## Exercise brief
What you return should match the data below exactly, with no pictures in it.

[Data Boundary: Start]

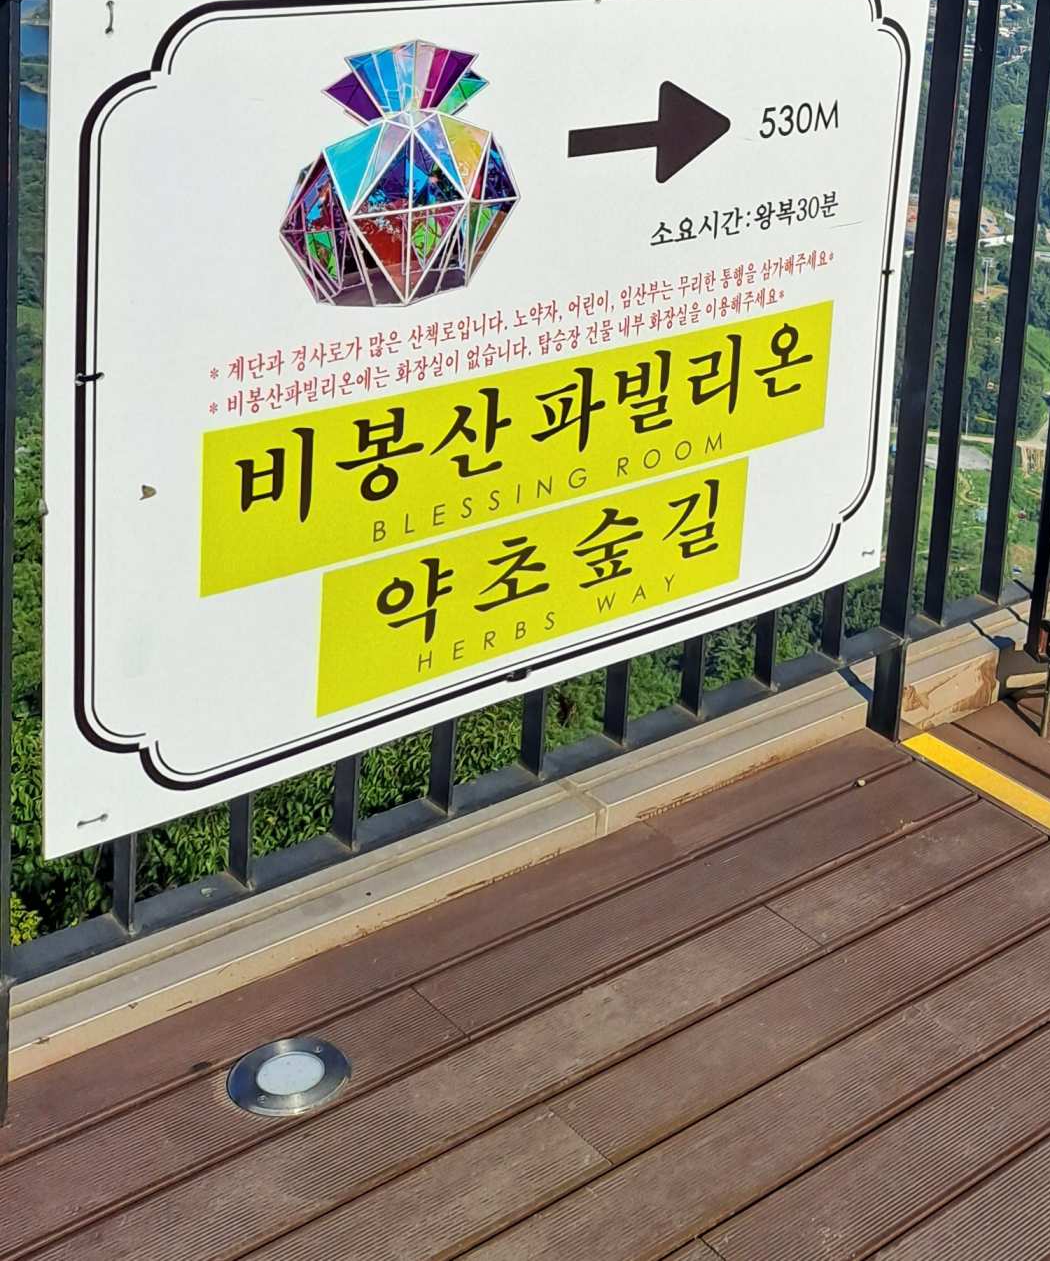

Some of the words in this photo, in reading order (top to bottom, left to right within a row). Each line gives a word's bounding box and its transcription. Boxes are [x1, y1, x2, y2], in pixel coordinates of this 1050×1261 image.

[760, 99, 839, 139] 530M
[227, 350, 284, 382] 계단과
[291, 337, 362, 372] 경사로가
[369, 330, 402, 357] 많은
[408, 311, 508, 348] 산책로입니다.
[514, 302, 563, 329] 노약자,
[568, 291, 615, 320] 어린이,
[620, 280, 674, 309] 임산부는
[678, 270, 715, 297] 무리한
[720, 262, 757, 289] 통행을
[227, 366, 391, 416] 비봉산파빌리온에는
[396, 349, 460, 383] 화장실이
[466, 337, 532, 371] 없습니다.
[538, 328, 580, 356] 탑승장
[586, 318, 614, 346] 건물
[618, 312, 645, 338] 내부
[650, 301, 702, 332] 화장실을
[372, 468, 588, 543] BLESSING
[617, 432, 722, 477] ROOM
[418, 611, 555, 673] HERBS
[597, 574, 676, 614] WAY
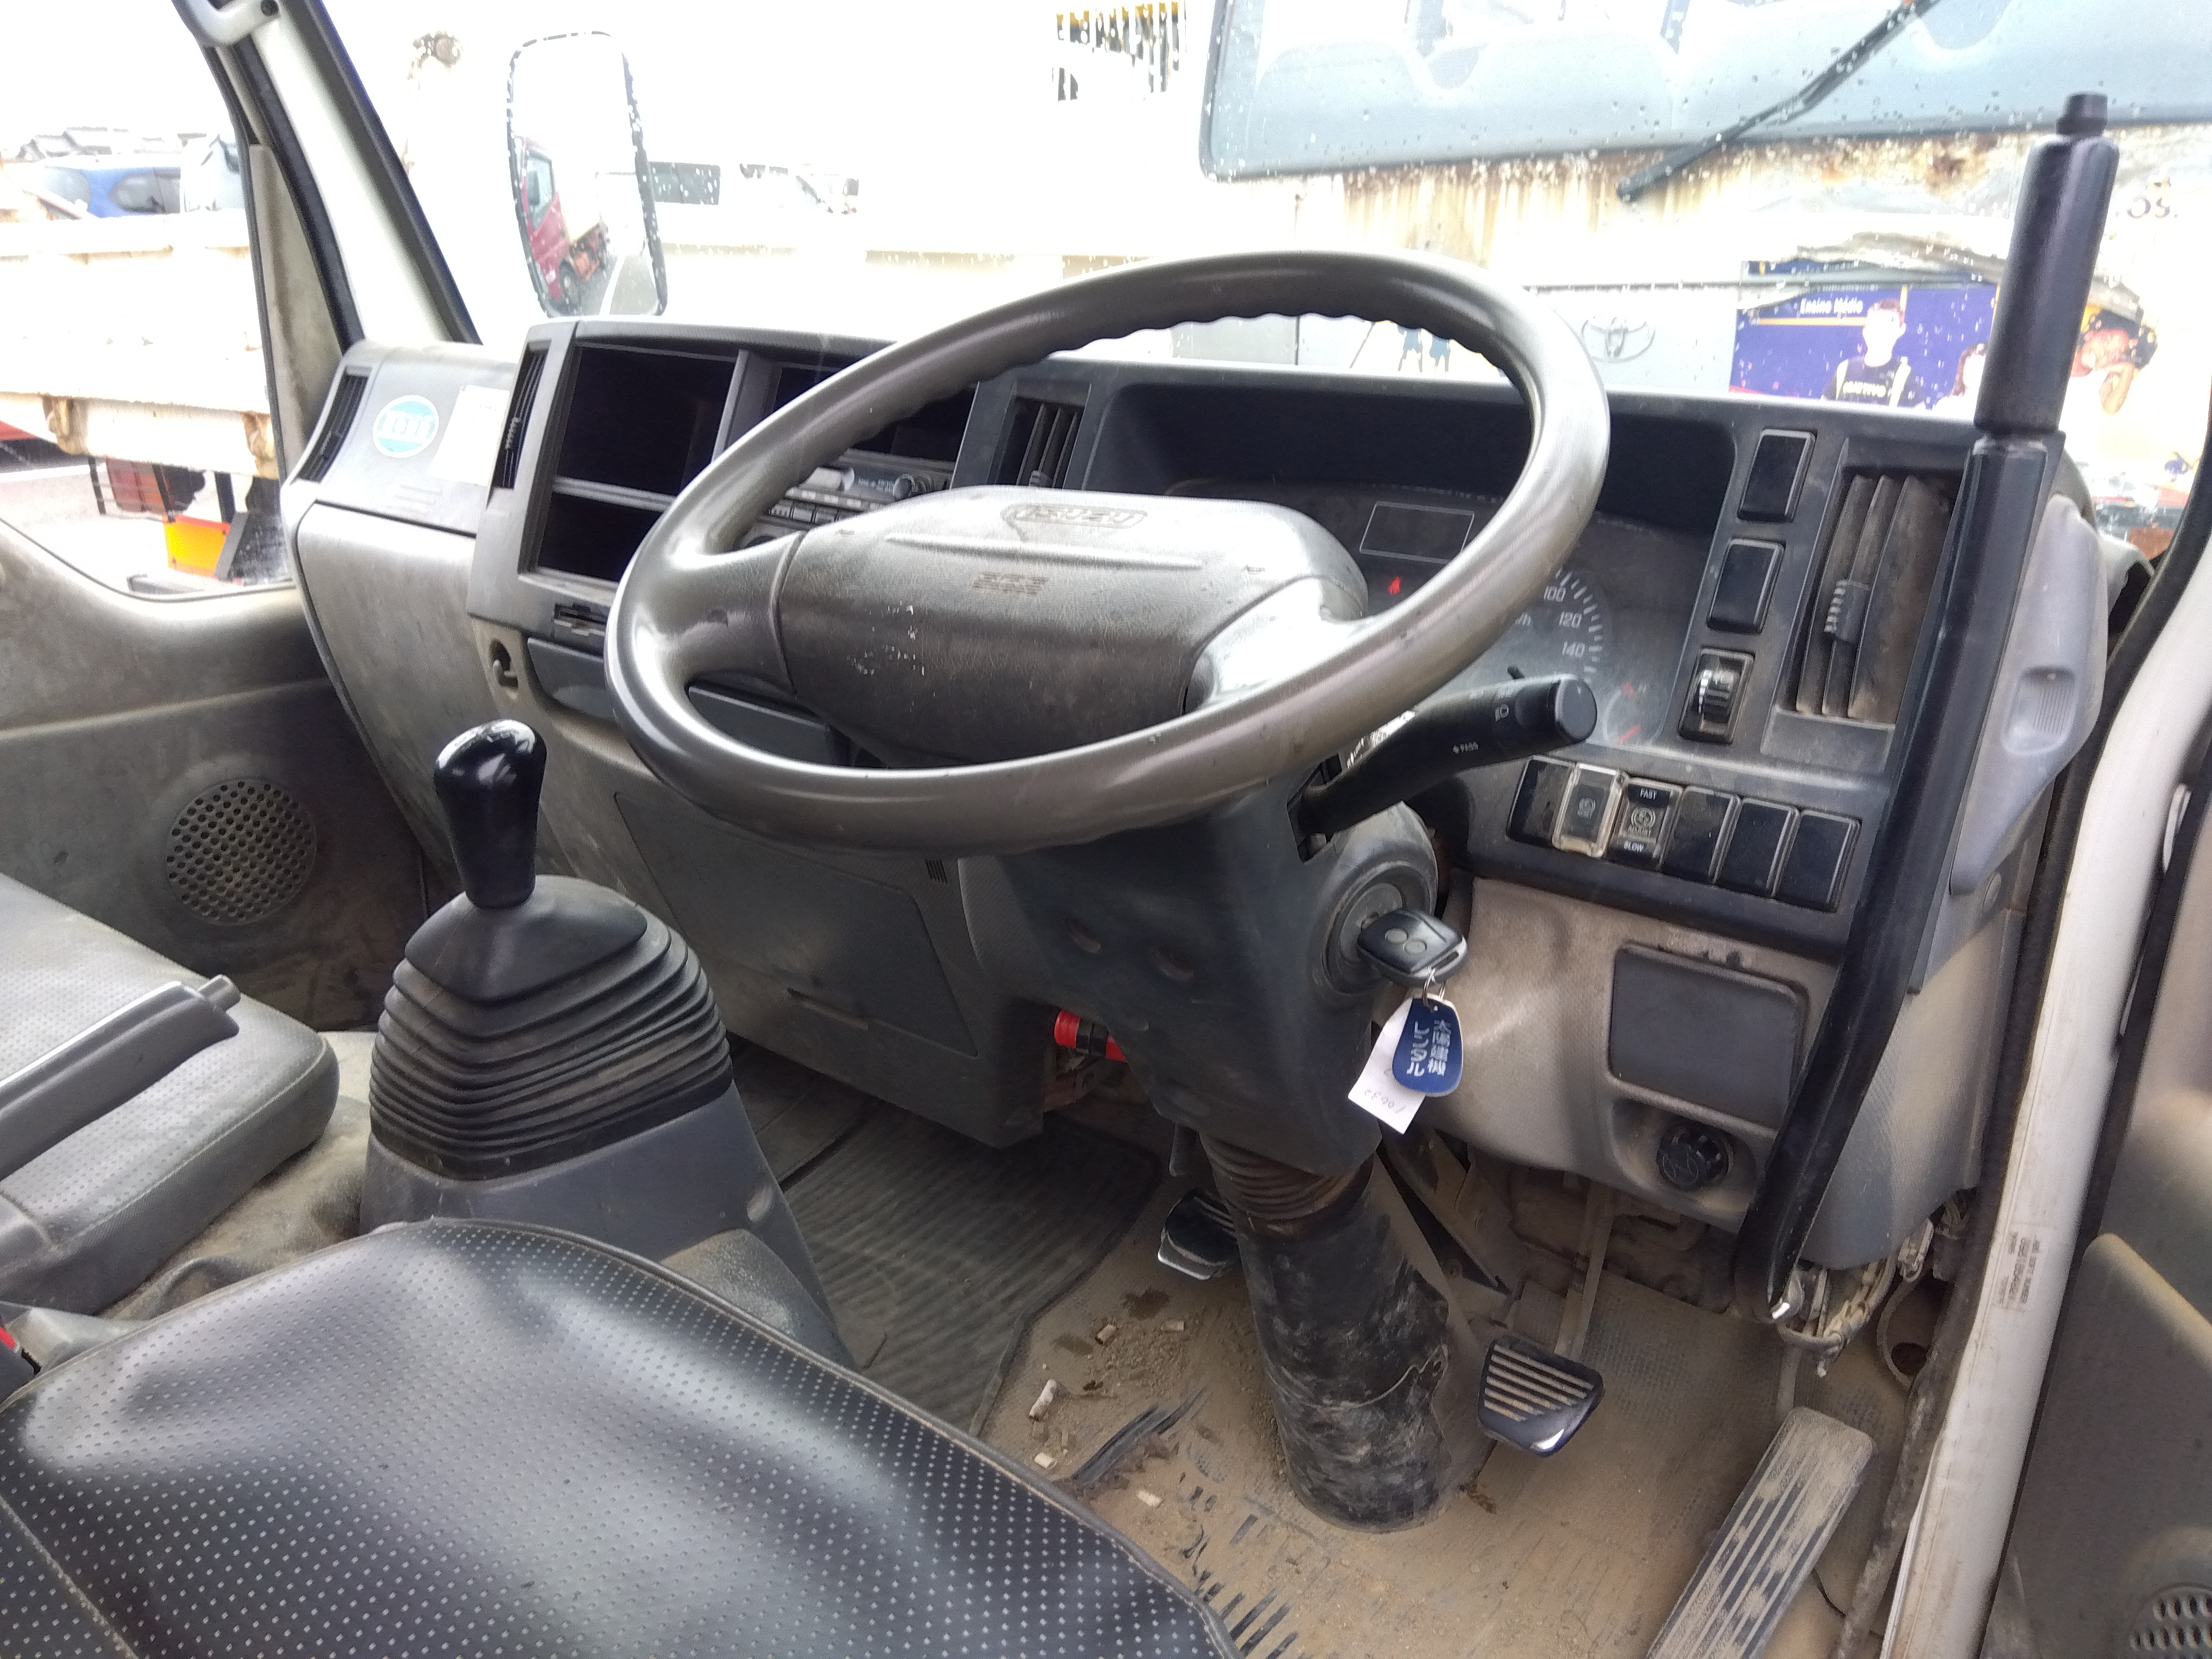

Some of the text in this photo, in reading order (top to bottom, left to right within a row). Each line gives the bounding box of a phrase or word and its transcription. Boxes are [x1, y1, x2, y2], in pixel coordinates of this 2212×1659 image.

[Data Boundary: End]

## Response box
Some of the words in this photo, in reading order (top to bottom, left to right within a row). Each line gives a word's bounding box and its transcription. Boxes are [x1, y1, x2, y2], in pixel coordinates of this 1050×1261 image.

[760, 99, 839, 139] 530M
[227, 350, 284, 382] 계단과
[291, 337, 362, 372] 경사로가
[369, 330, 402, 357] 많은
[408, 311, 508, 348] 산책로입니다.
[514, 302, 563, 329] 노약자,
[568, 291, 615, 320] 어린이,
[620, 280, 674, 309] 임산부는
[678, 270, 715, 297] 무리한
[720, 262, 757, 289] 통행을
[227, 366, 391, 416] 비봉산파빌리온에는
[396, 349, 460, 383] 화장실이
[466, 337, 532, 371] 없습니다.
[538, 328, 580, 356] 탑승장
[586, 318, 614, 346] 건물
[618, 312, 645, 338] 내부
[650, 301, 702, 332] 화장실을
[372, 468, 588, 543] BLESSING
[617, 432, 722, 477] ROOM
[418, 611, 555, 673] HERBS
[597, 574, 676, 614] WAY

Some of the text in this photo, in reading order (top to bottom, left to right within a row). Each line gives the bounding box of a phrase or word and its transcription. Boxes are [x1, y1, x2, y2], in pixel coordinates of this 2212×1659 image.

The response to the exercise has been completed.